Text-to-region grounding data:
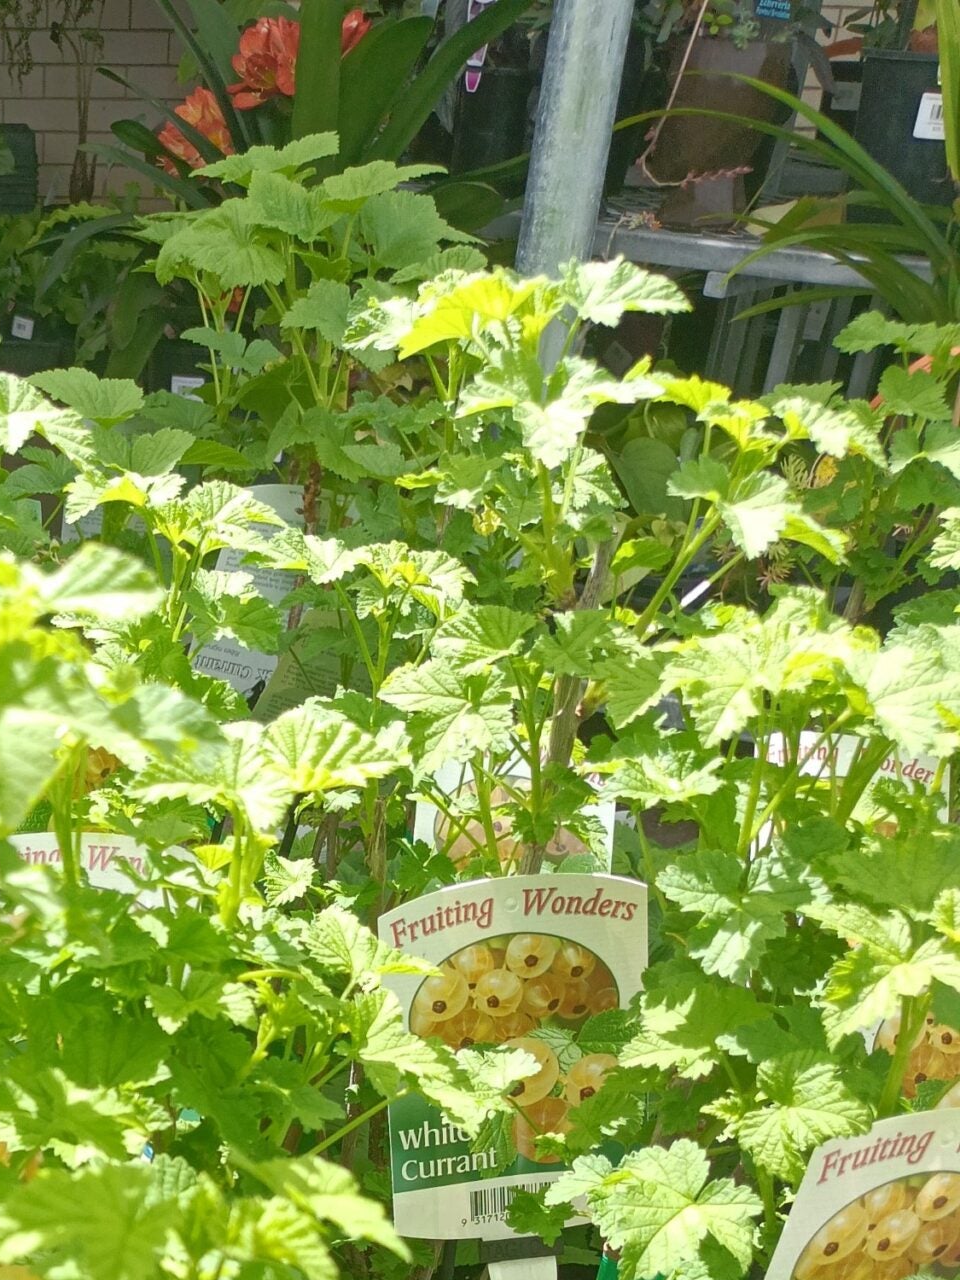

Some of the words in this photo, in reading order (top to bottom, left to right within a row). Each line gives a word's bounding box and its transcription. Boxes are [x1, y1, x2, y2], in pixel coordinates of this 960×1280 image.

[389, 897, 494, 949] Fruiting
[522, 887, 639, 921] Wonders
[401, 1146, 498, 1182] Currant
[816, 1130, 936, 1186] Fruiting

§ **DESCRIPTION OF THE TASK**: Could you write out every record exactly, leaving the pictures out?

§ **TASK ANSWER**:
Some of the words in this photo, in reading order (top to bottom, left to right within a row). Each line gives a word's bounding box and its transcription. Boxes are [x1, y1, x2, y2], in pixel coordinates of this 960×1280 image.

[389, 897, 494, 949] Fruiting
[522, 887, 639, 921] Wonders
[401, 1146, 498, 1182] Currant
[816, 1130, 936, 1186] Fruiting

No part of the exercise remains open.